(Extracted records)
--------------------------------------------------
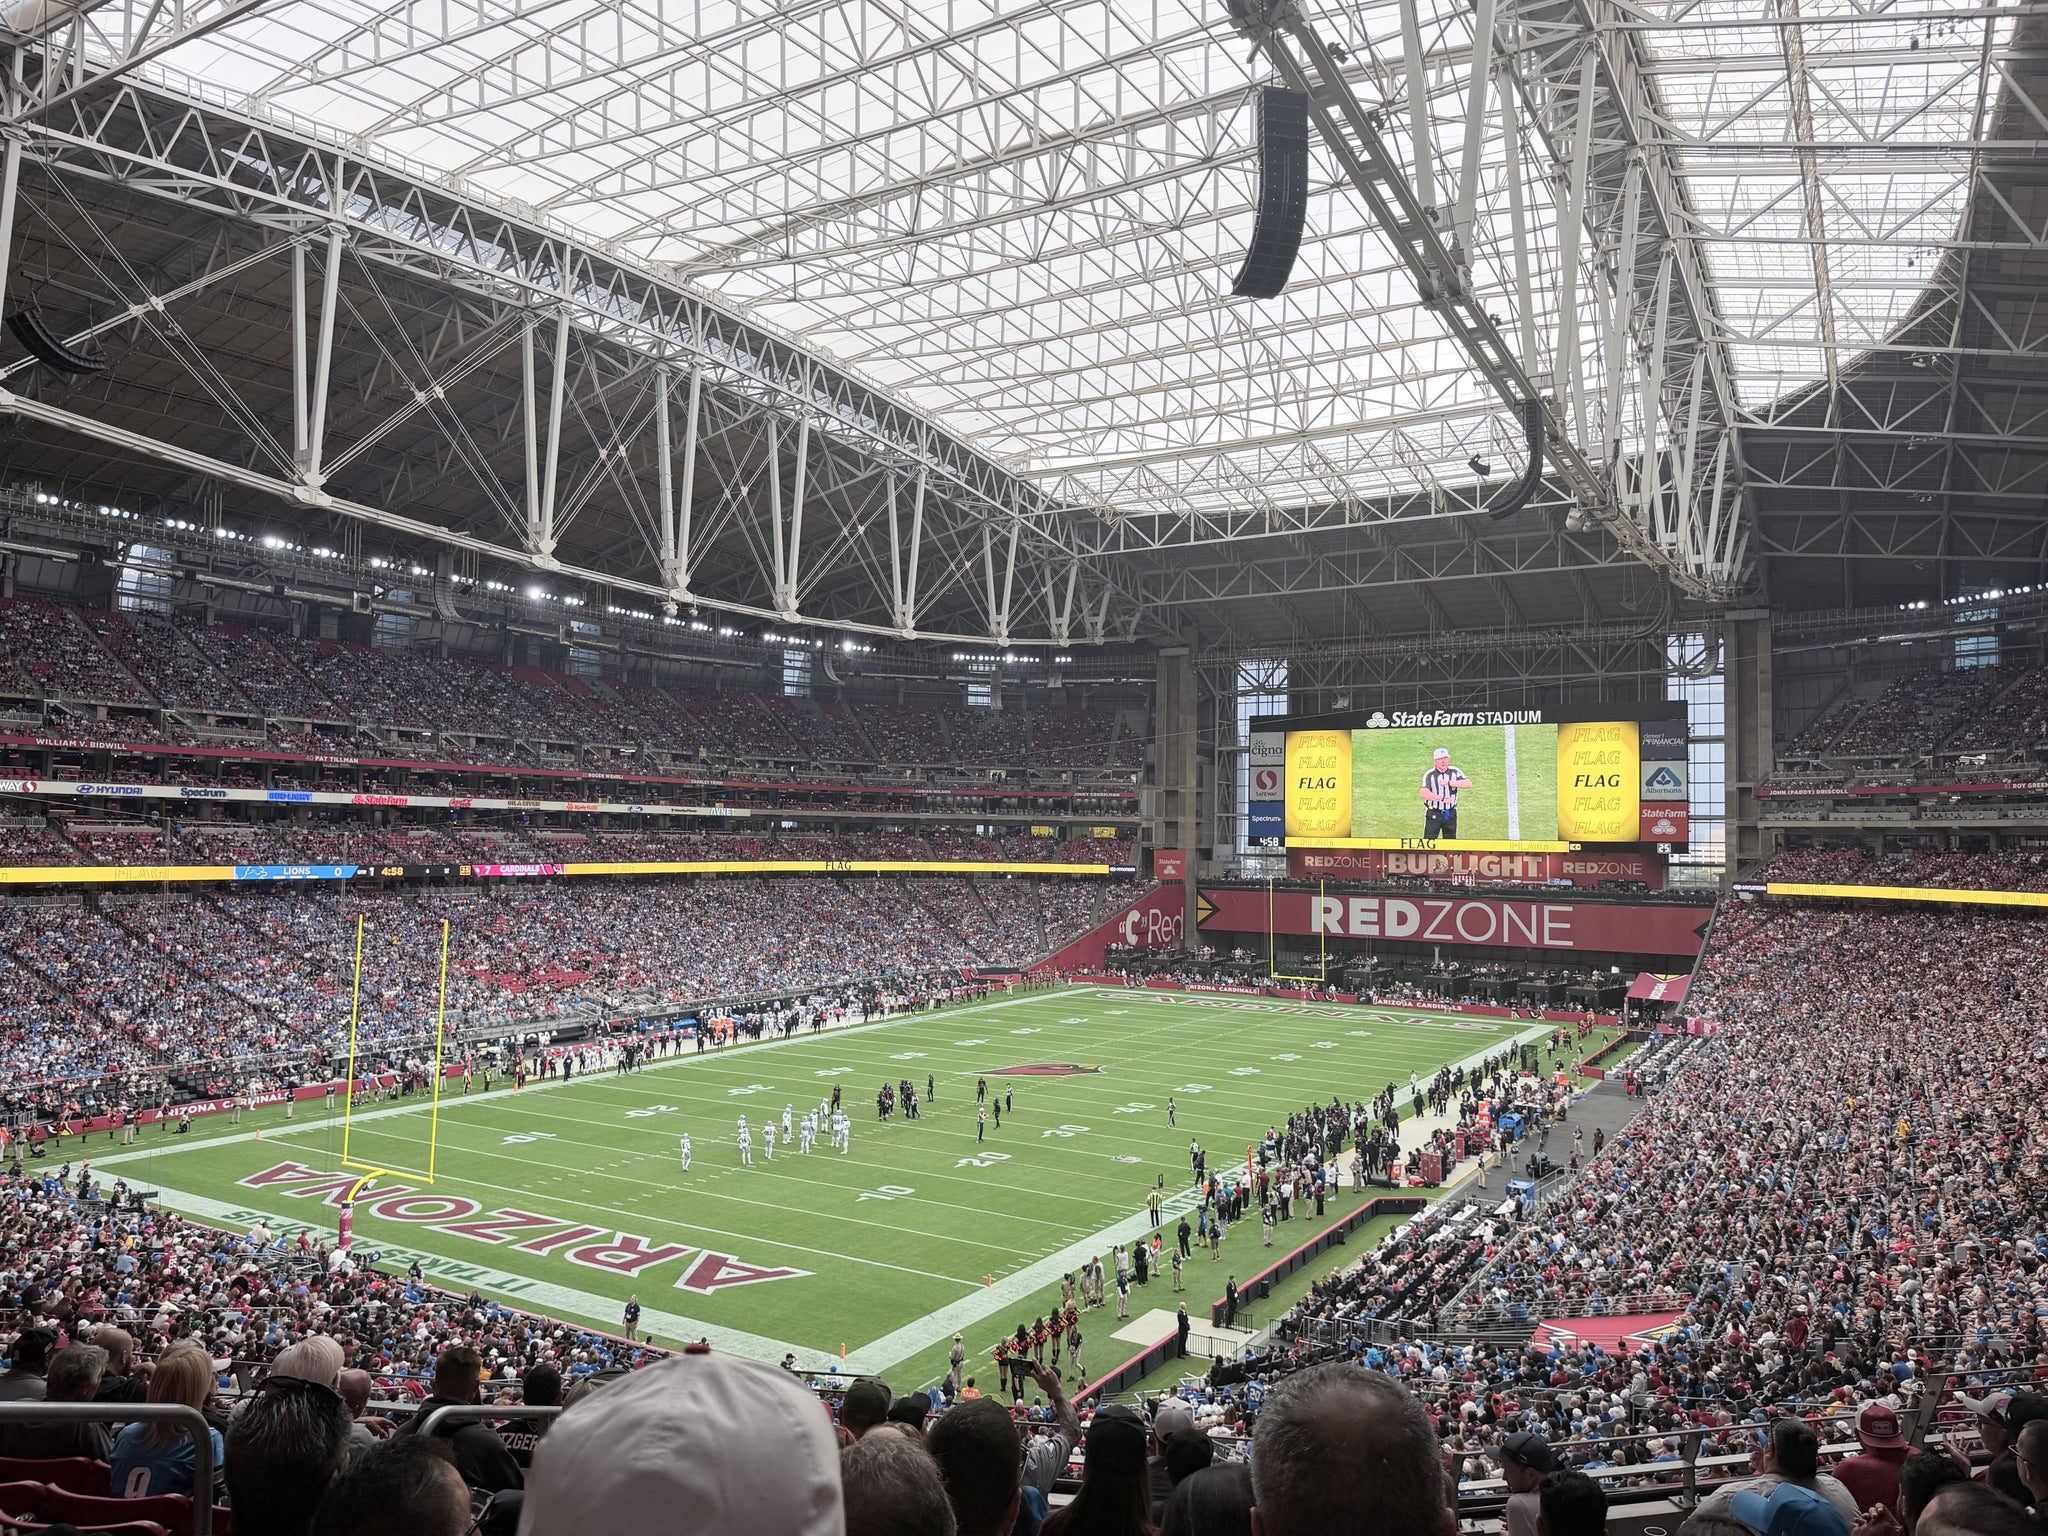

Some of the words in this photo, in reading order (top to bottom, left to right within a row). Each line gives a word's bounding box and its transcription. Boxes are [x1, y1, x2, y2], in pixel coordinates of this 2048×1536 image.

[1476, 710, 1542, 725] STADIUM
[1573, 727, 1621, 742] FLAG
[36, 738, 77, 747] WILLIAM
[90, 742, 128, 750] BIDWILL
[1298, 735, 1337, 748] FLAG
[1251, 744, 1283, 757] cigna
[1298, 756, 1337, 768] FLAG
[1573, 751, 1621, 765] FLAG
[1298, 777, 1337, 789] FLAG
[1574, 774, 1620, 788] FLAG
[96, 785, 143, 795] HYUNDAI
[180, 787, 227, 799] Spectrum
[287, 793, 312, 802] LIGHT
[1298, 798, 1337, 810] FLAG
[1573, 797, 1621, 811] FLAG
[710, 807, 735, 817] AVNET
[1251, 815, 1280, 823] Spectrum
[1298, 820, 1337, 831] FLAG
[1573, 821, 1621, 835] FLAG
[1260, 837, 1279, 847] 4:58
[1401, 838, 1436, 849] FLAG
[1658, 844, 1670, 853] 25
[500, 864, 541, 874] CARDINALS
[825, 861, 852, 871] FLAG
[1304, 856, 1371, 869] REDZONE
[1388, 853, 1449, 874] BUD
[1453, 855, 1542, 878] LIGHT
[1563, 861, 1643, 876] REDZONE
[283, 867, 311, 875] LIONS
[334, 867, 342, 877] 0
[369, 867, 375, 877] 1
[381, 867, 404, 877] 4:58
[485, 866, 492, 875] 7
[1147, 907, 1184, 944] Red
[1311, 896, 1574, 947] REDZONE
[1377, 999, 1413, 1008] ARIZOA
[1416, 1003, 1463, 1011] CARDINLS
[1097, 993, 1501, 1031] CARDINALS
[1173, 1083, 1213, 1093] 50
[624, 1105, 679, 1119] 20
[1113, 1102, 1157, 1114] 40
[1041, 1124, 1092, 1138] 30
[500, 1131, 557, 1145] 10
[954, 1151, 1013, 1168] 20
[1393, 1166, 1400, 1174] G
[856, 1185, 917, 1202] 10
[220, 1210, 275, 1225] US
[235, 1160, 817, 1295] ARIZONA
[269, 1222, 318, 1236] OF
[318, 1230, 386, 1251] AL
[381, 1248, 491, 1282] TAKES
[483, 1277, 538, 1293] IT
--------------------------------------------------
Identify how many lines in the entries above include the string "REDZONE", then state that number alone.

3